Mock Interview Scenarios

How to Use This Guide

This guide provides realistic mock interview scenarios with:

Typical interviewer questions and follow-ups
Expected discussion points at each stage
Common mistakes to avoid
Evaluation criteria

Interview Format: Most system design interviews are 45-60 minutes. Aim to spend:

5 min: Requirements clarification
5 min: High-level design
25-30 min: Deep dive
5-10 min: Wrap-up and questions

Mock Interview 1: Design TinyURL

Setup

Interviewer: "Let's design a URL shortening service like TinyURL 
or bit.ly. Users should be able to create short URLs and be 
redirected to the original URL."

Phase 1: Requirements (5 min)

Your questions should include:

✓ "What's the expected scale? How many URLs per day?"
  → "Let's say 100M new URLs per day, 10B redirects"

✓ "What's the expected URL length?"
  → "As short as possible, let's say 7 characters"

✓ "Should URLs expire?"
  → "Yes, default 1 year, customizable"

✓ "Do we need analytics?"
  → "Yes, basic click counts and geographic data"

✓ "Custom short URLs?"
  → "Nice to have, but focus on auto-generated first"

Phase 2: Capacity Estimation (3 min)

Show your math:

Write: 100M URLs/day
     = 100M / 86,400 ≈ 1,200 URLs/sec

Read: 10B redirects/day
    = 10B / 86,400 ≈ 115,000 redirects/sec
    → 100:1 read-heavy

Storage (5 years):
    100M × 365 × 5 = 182.5B URLs
    Each URL: ~500 bytes average
    Total: 182.5B × 500B = ~90 TB

Bandwidth:
    Write: 1,200 × 500B = 600 KB/s
    Read: 115,000 × 500B = 58 MB/s

Phase 3: High-Level Design (5 min)

┌─────────────────────────────────────────────────────────┐
│                                                         │
│   ┌────────┐      ┌────────────┐      ┌────────────┐  │
│   │ Client │─────►│    API     │─────►│   Cache    │  │
│   └────────┘      │  Gateway   │      │  (Redis)   │  │
│                   └─────┬──────┘      └────────────┘  │
│                         │                    │         │
│           ┌─────────────┼─────────────┐     │         │
│           │             │             │     │         │
│      ┌────▼────┐  ┌────▼────┐  ┌────▼────┐ │         │
│      │  URL    │  │ Redirect│  │Analytics│  │         │
│      │ Creator │  │ Service │  │ Service │  │         │
│      └────┬────┘  └────┬────┘  └────┬────┘  │         │
│           │            │            │        │         │
│           └────────────┼────────────┘        │         │
│                        │                     │         │
│                  ┌─────▼─────┐               │         │
│                  │  Database │◄──────────────┘         │
│                  │  (Sharded)│                         │
│                  └───────────┘                         │
│                                                         │
└─────────────────────────────────────────────────────────┘

Phase 4: Deep Dive Questions

Q: “How do you generate the short URL?”

Approach 1: Base62 encoding of auto-increment ID
- IDs: 1, 2, 3, ...
- Encode: 62^7 = 3.5 trillion combinations
- Pros: Simple, no collisions
- Cons: Predictable, single point (ID generator)

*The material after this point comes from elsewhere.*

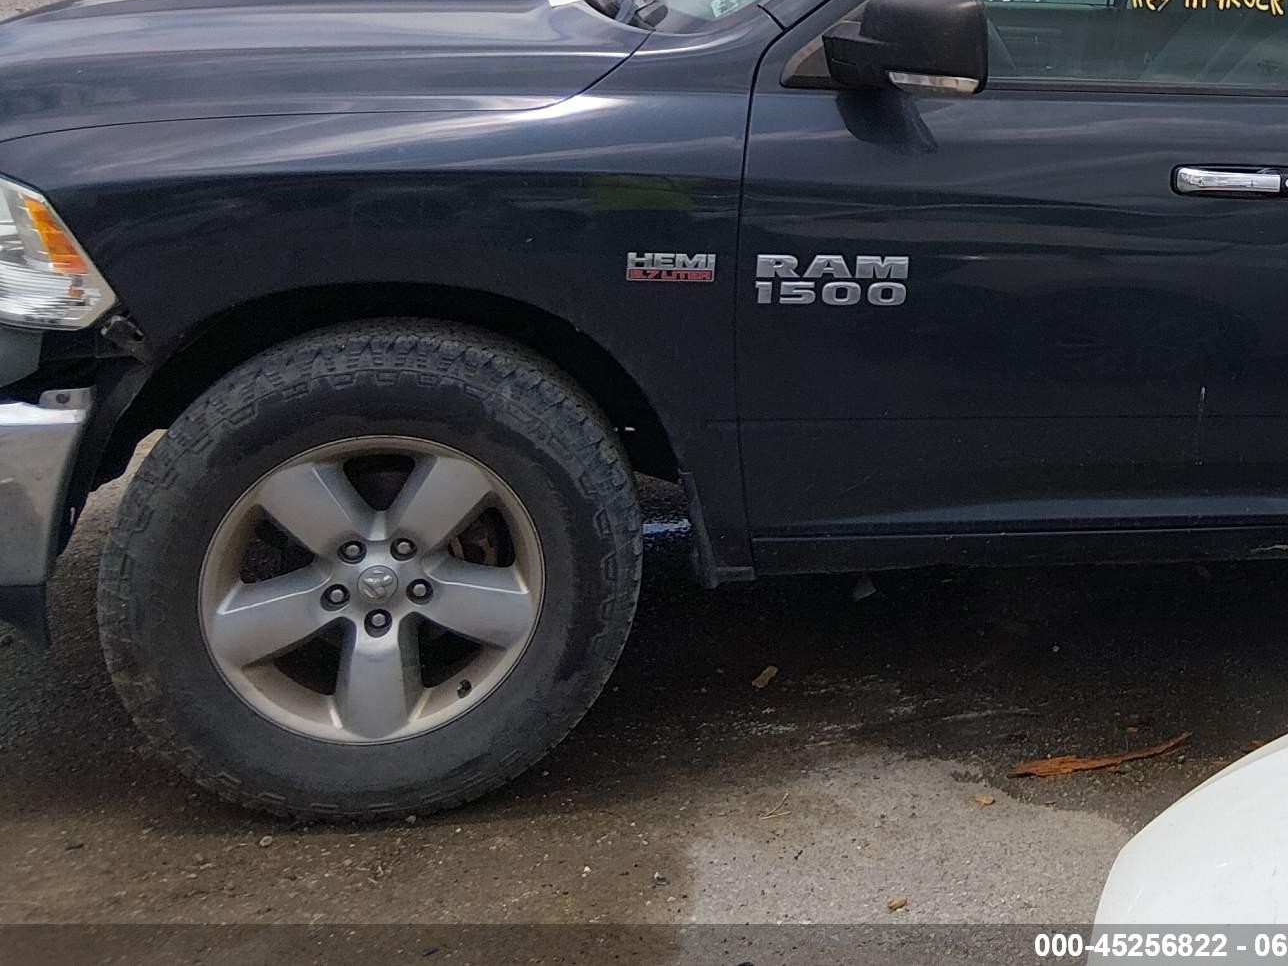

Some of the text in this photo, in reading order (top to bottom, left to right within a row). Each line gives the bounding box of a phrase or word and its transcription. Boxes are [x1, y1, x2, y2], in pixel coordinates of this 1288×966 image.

[627, 252, 717, 269] HEMI
[756, 254, 910, 279] RAM
[755, 281, 907, 306] 1500

Approach 2: Random generation + collision check
- Generate random 7 chars
- Check database
- Retry on collision
- Cons: Extra DB call, collision probability increases

Approach 3: Pre-generated key service
- Background service generates unused keys
- Store in key pool
- URL service fetches from pool
- Pros: No collision check at write time
- Cons: Extra service, key management

My recommendation: Approach 3 for this scale
- Handle 1,200 writes/sec easily
- No collision overhead
- Keys distributed across instances

Q: “How do you handle the 115K reads/second?”

1. Caching Strategy:
   - Redis/Memcached cluster
   - LRU eviction
   - Cache size: 20% of daily active = 20M entries
   - Expected hit rate: 90%+

2. Cache key: short_url
   Cache value: {long_url, created_at, expires_at}
   TTL: 24 hours (refresh on access)

3. Read path:
   cache_hit → redirect
   cache_miss → DB lookup → cache write → redirect

Q: “How do you shard the database?”

Shard by short URL hash:
- Consistent hashing with virtual nodes
- shard = hash(short_url) % num_shards
- Each shard handles ~1/N of traffic

Why not by user_id?
- Redirect requests don't have user context
- Need to lookup by short URL

Replication:
- 3 replicas per shard
- Async replication (eventual consistency OK)
- Promotes replica on primary failure

Q: “How do you handle expiration?”

Options:
1. TTL in database (native support)
2. Background cleanup job
3. Lazy deletion (check on read)

Hybrid approach:
- Check expiration on read (immediate)
- Background job for cleanup (storage)
- Tombstone records for analytics

Evaluation Criteria

Aspect	Junior	Senior	Staff
Requirements	Asks basic questions	Identifies edge cases	Challenges assumptions
Scale	Basic math	Accurate estimates	Cost optimization
Design	Working solution	Handles failures	Extensible architecture
Trade-offs	Mentions one	Compares options	Quantifies impact

Mock Interview 2: Design Twitter Timeline

Setup

Interviewer: "Let's design the home timeline feature for Twitter.
Users should see tweets from people they follow, in chronological
order or ranked by relevance."

Requirements Clarification

✓ "How many users? Active users?"
  → "300M monthly active, 150M daily active"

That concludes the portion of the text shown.